Masyarakat China tradisional juga membedakan antara keturunan dalam dan keturunan luar. Keturunan dalam adalah semua anak, cucu, cicit, dan buyut yang berasal dari anak pria; sementara keturunan luar berasal dari anak wanita. Anggota keluarga yang termasuk ke dalam keturunan dalam menggunakan ikat kepala berwarna putih yang dijahit dengan seperca kain goni, sedangkan anggota keluarga yang termasuk keturunan luar mengenakan ikat kepala putih yang dijahit dengan seperca kain merah.
Ritual Pemakaman
Menurut budaya tradisional China, dikatakan bahwa terdapat dua hal penting yang harus dilakukan seseorang agar hidupnya dapat dikatakan sempurna; Pertama adalah memakamkan ayahnya, kedua adalah memakamkan ibunya. Pemakaman dianggap menjadi bagian dalam perjalanan hidup normal sebuah keluarga, dan menjadi pemersatu keluarga-keluarga dari generasi ke generasi. Tujuan utamanya adalah melindungi jiwa yang meninggal dari roh jahat, mengarahkan jiwa Yin ke bumi, dan jiwa Yang menuju tempat para leluhur. Pemakaman memastikan jiwa yang meninggal merasa nyaman dan tentram, serta memberikan peruntungan bagus bagi para keturunannya.


Penghormatan Selanjutnya
Para keturunan orang yang meninggal akan memakamkan leluhur mereka bersama dengan barang-barang yang mereka harapkan akan dibawa ke akhirat. Beberapa keluarga kerajaan meletakkan bejana perunggu, tulang orakel, serta korban manusia atau binatang di dalam makam. Semua persembahan tersebut dipandang sebagai segala sesuatu yang akan dibutuhkan jiwa tersebut di akhirat dan sebagai wujud bakti kepada leluhur. Persembahan yang paling umum adalah membakar hio dan lilin, dan mempersembahkan arak serta makanan. Seorang medium shi (ĺ°¸) adalah perwakilan persembahan dari keluarga orang yang meninggal semenjak masa Dinasti Zhou (1045 SM-256 SM).
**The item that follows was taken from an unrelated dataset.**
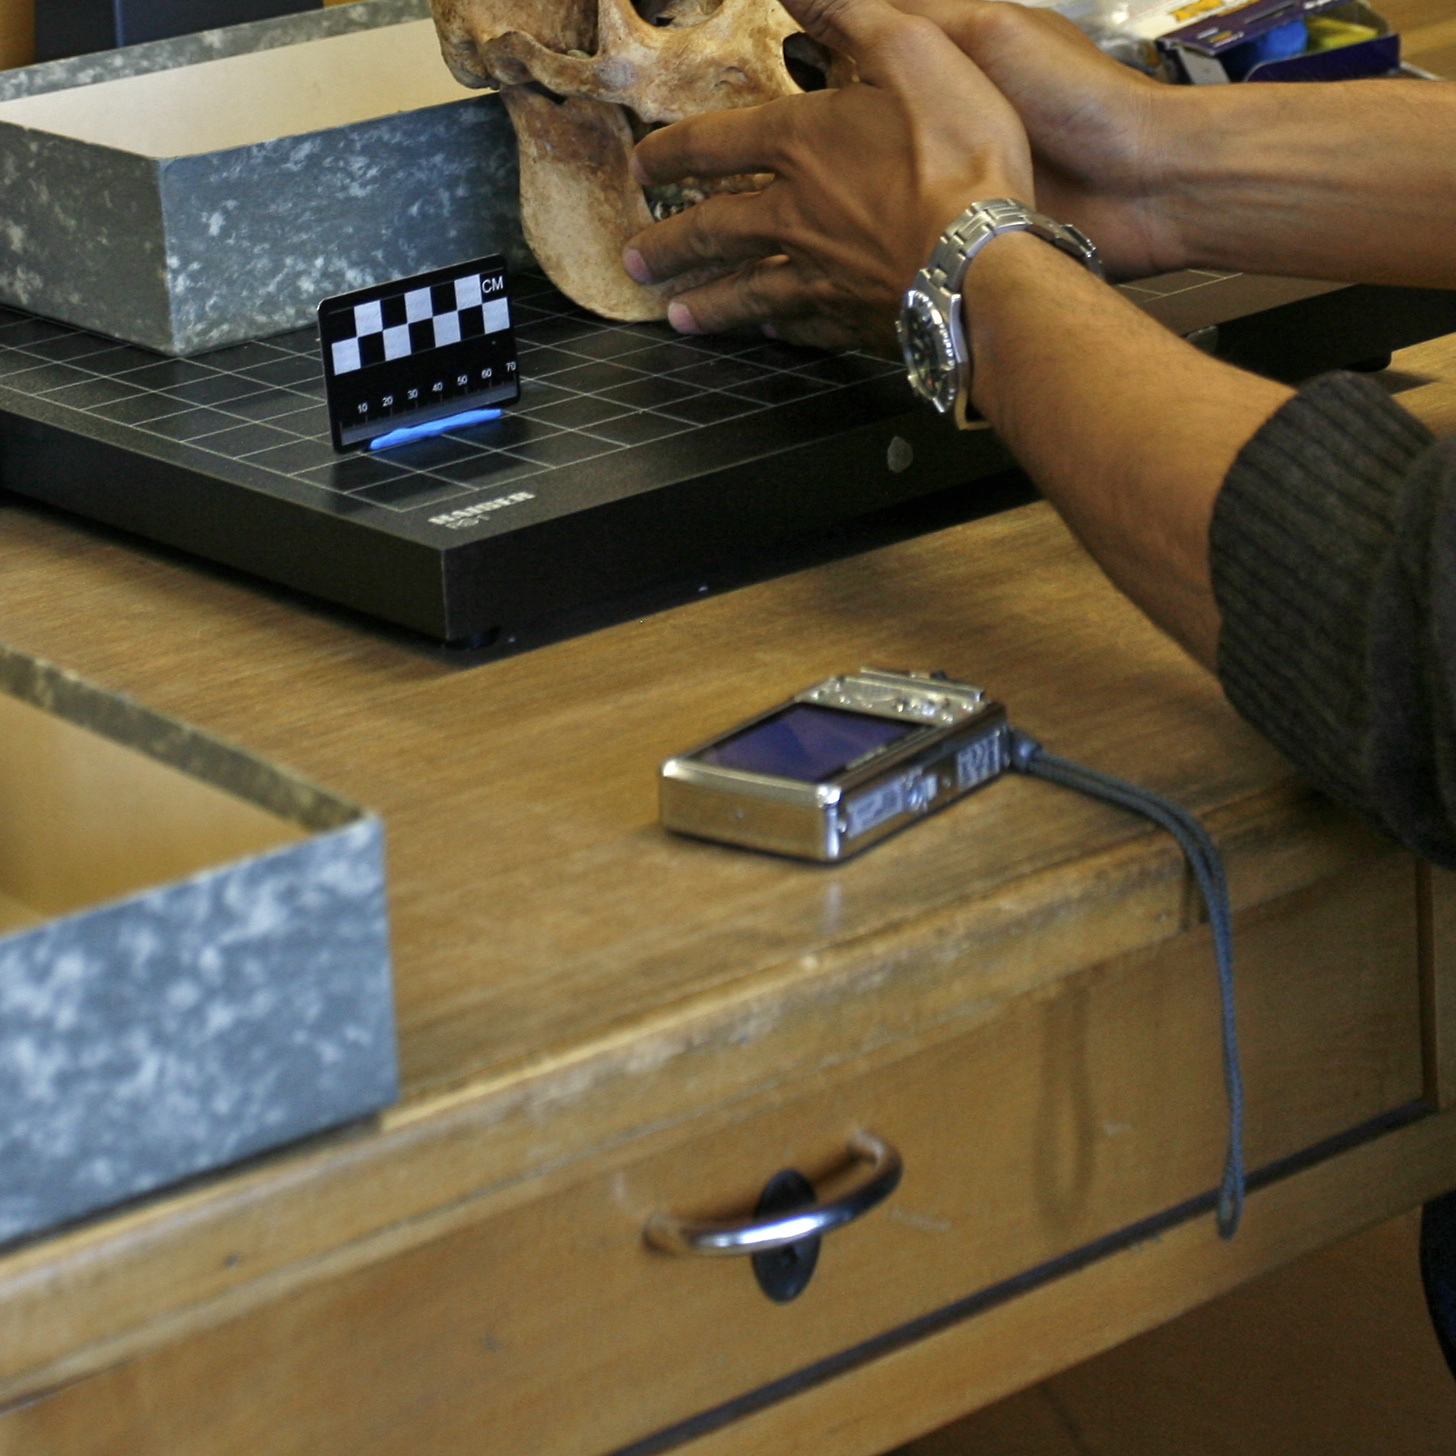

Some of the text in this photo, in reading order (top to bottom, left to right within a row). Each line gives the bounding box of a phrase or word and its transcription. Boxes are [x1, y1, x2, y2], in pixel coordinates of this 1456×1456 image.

[482, 276, 504, 293] CM
[357, 361, 516, 413] 10 20 30 40 50 60 70
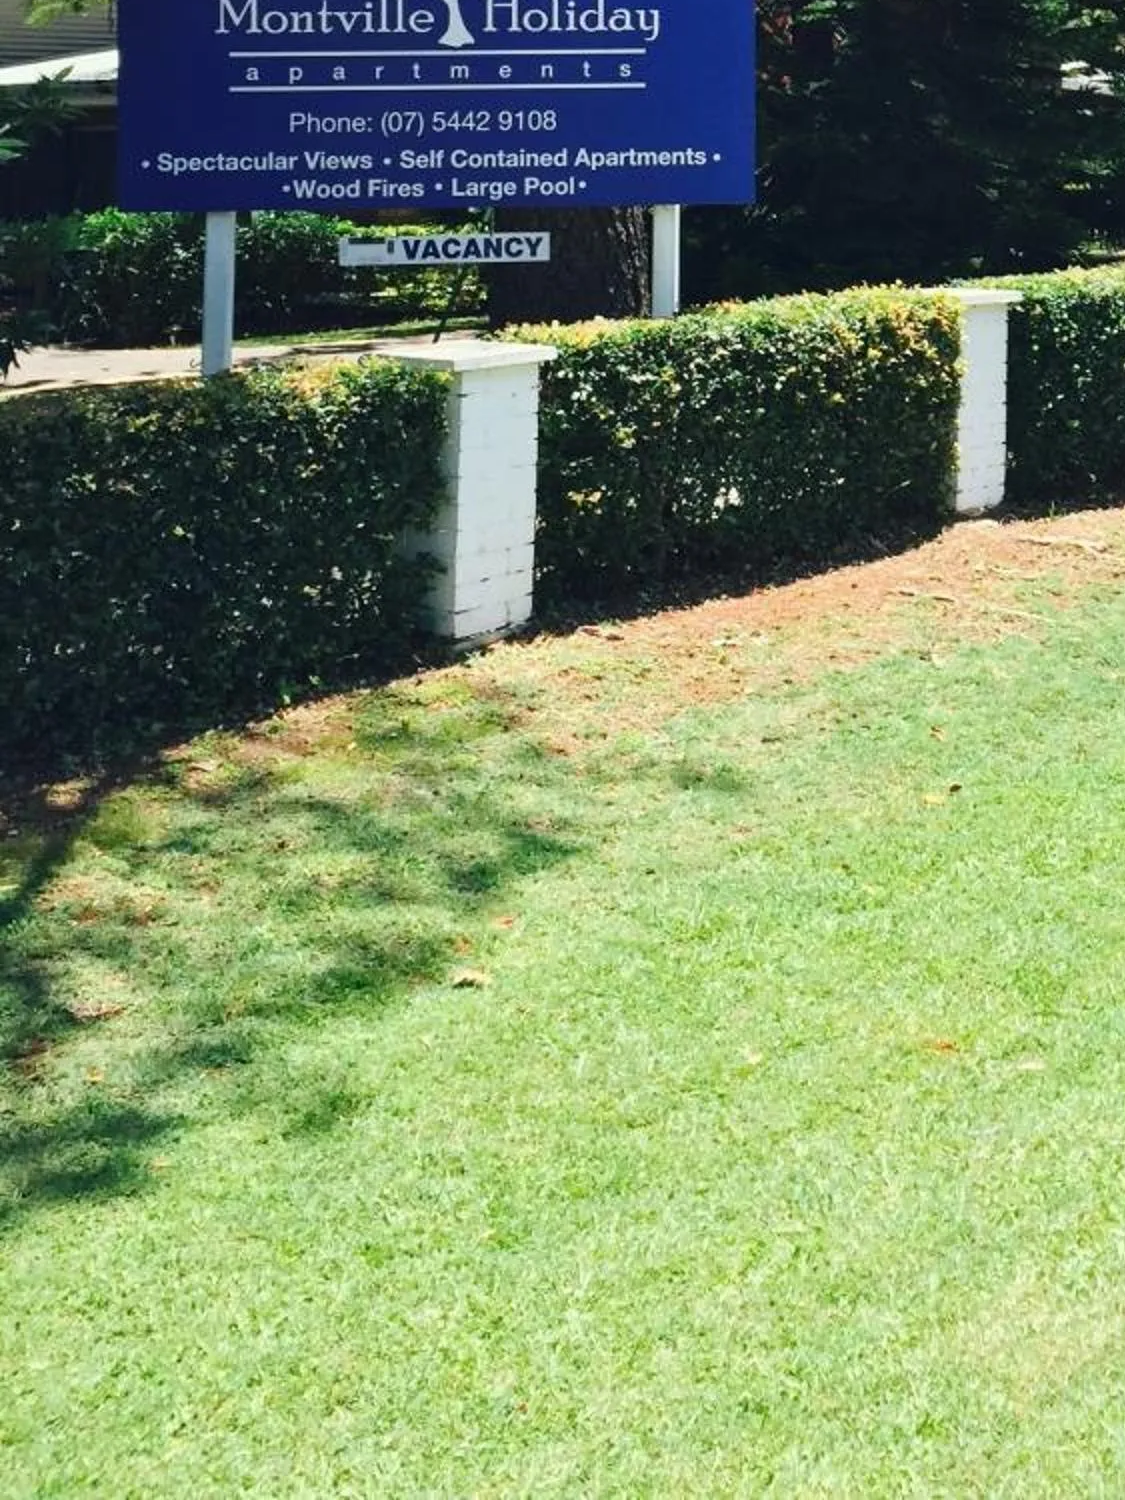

Selama upacara shi, roh orang yang meninggal akan memasuki sang medium yang selanjutnya akan makan dan minum persembahan serta menyampaikan pesan spiritual.
Agama Buddha
Dalam agama Budha penghormatan kepada leluhur merupahan bentuk kasih sayang dari keturunan kepada leluhur, karena dengan adanya penghormatan kepada leluhur itu menandakan keturunan yang tetap mengingat leluhur-nya. Dalam agama Budha penghormatan kepada leluruhur biasa disebut sebagai Upacara Pelimpahan Jasa:
Pelaksanaan upacara sesaji atau pelimpahan jasa untuk menghormati leluhur telah di lakukan sejak jaman Buddha bahkan sebelum itu pun sudah banyak masyarakat yang melakukan sesaji. Pada jaman setelah munculnya Budhistsm tempat tempat upacara sesaji masih ada dan praktek sesaji masih dilakukan oleh masyarakat. upacara sesaji telah menjadi tradisi oleh masyarakat pada waktu itu salah satu wujud dari praktek upacara sesaji dengan menyembelih binatang binatang untuk di jadikan korban persembahan.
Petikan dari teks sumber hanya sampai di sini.